Рассказывают, как-то приехал домой и со старой матерью разговаривал на непонятном ей языке. Она, как испуганная зайчиха, таращила на него глаза. Вздыхала. Видя, что она не понимает, он показывал, изображал слова руками… Ты видел такого! — смеясь, воскликнул Арсентий.
— А он какой институт окончил? — спросил я Арсентия.
— Какой там институт! Он не окончил и восьми классов! Даже курсы не может окончить. Поступил в медучилище — убежал! Учился на курсах радистов, киномехаников, дизелистов, трактористов, баянистов — ни одни курсы не окончил.
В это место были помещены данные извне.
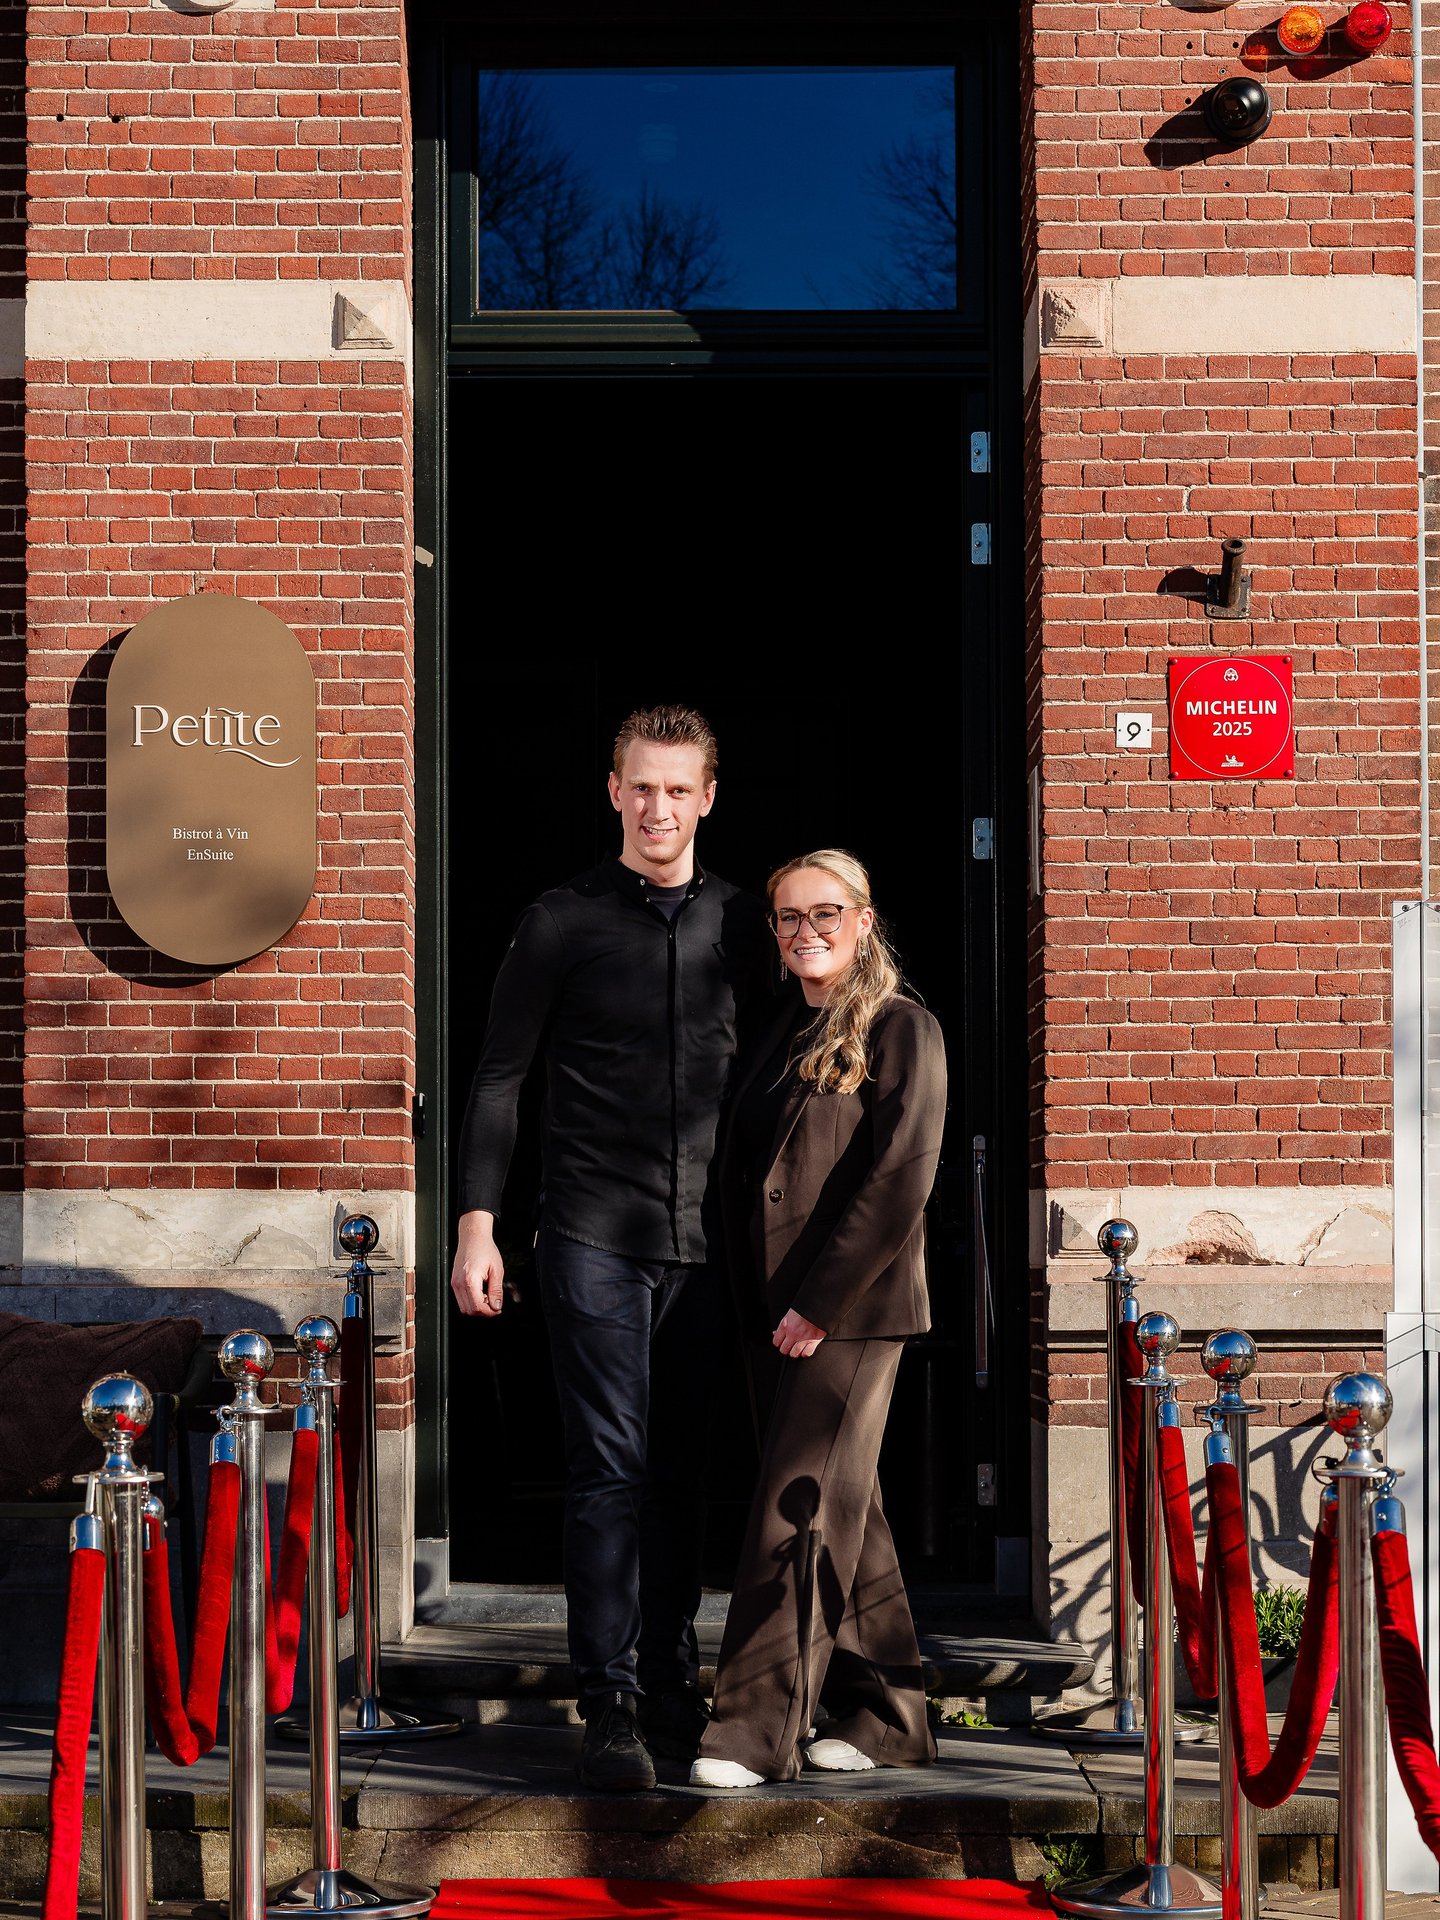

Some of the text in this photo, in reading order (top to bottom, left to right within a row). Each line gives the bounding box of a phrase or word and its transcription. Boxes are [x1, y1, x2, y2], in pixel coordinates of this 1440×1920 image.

Сейчас, кажется, поступил на курсы экскаваторщиков-бульдозеристов. Поживет, поболтается в одном месте, надоест — махнет в другое. Курсов много. И поступать легко — везде северянам льготы: одежда, бесплатное питание… Всюду танцы, музыка… Не жизнь, а сладкая морошка!.. Не то что мы с тобой бродим по глухой тайге да по тундре голой… А в общем, нам ему завидовать нечего! Оглобля и оглобля! Не для него и рыба, и олени, и лес, и нефть!
Над деревьями уже вставало бодрое и веселое солнце. Пели деревья, щелкали птицы — и над всей тайгой звучала музыка света, весны, жизни. Арсентий в эту минуту мне казался поэтом.
Под ногами хрустел мерзлый снег. Иногда ноги скользили… Арсентий хмурился и продолжал:
— Обо всем этом я говорил У стопу. И о настоящем и будущем нашего края. И что ему надо возвратиться в родные места, там работы хватит всем. А он мне в ответ: «Там нет условий для культурного отдыха!» Вишь какой, на готовенькую культуру зарится! А кто в его родном краю должен строить, создавать новую культуру? Тогда я попытался тронуть главные чувства человека, которые лежат где-то глубоко-глубоко, в самом сердце. Чувство к матери, которая дала ему жизнь, к земле, по которой он сделал первый шаг в жизни, к народу, на языке которого он сказал первое слово. На мои слова он ответил высокомерно: «Моя родина — планета Земля. Мой народ — земляне!» Тогда я выпроводил его из номера. Не мог дышать с ним одним воздухом…
Похрустывали под ногами снежинки, а иногда ноги скользили, и мы чуть не падали, но, увлеченные разговором, ничего этого не замечали.
— Есть попугаи среди наших соплеменников! — тяжело вздыхая, словно размышляя вслух, протянул Арсентий. — Мало, но есть!.. А ты знаешь, что о таких попугаях говорят в народе: «Ничтожные люди готовы считать родной народ свой ничтожным и пытаются отмежеваться от него. От таких людей отворачиваются свои, не признают их и другие… Сильные люди борются за то, чтобы прославить родной народ, сделать его счастливым».
— Даже когда на всей планете будет коммунизм и космические корабли полетят вон туда… — указывая на солнце, говорил Арсентий, — даже тогда в душе каждого из людей будет жить своя родина — та земля, где родился человек, тот народ, из глубины которого он вышел на дорогу жизни.
Народы Севера маленькие, как орешки на огромном и величественном кедре. Но и у нас есть свое, то, чего нет у других народов: свои легенды, песни, умение с улыбкой жить в суровых условиях нашего Севера.
Кто быстрее поймает в тайге соболя, в Оби — осетра, в стаде — оленя? Конечно, северяне!
Вот стадо. В нем две тысячи оленей. Их пасет всего шесть пастухов. А сколько таких стад на бескрайних просторах тайги, тундры! А сколько соболя, белки, горностая добывают в тайге следопыты-охотники! Сколько серебряной нежной рыбы каждый день сдают государству наши славные рыбаки! Так что совсем не прав Усюп, отвернувшийся от матери, от своего народа. Вот ты — манси, и я — манси… — повернулся ко мне Арсентий. — Мы родились на этой земле. Наши соплеменники привыкли к долгим касланиям. Но нам с тобой иногда бывает нелегко, правда?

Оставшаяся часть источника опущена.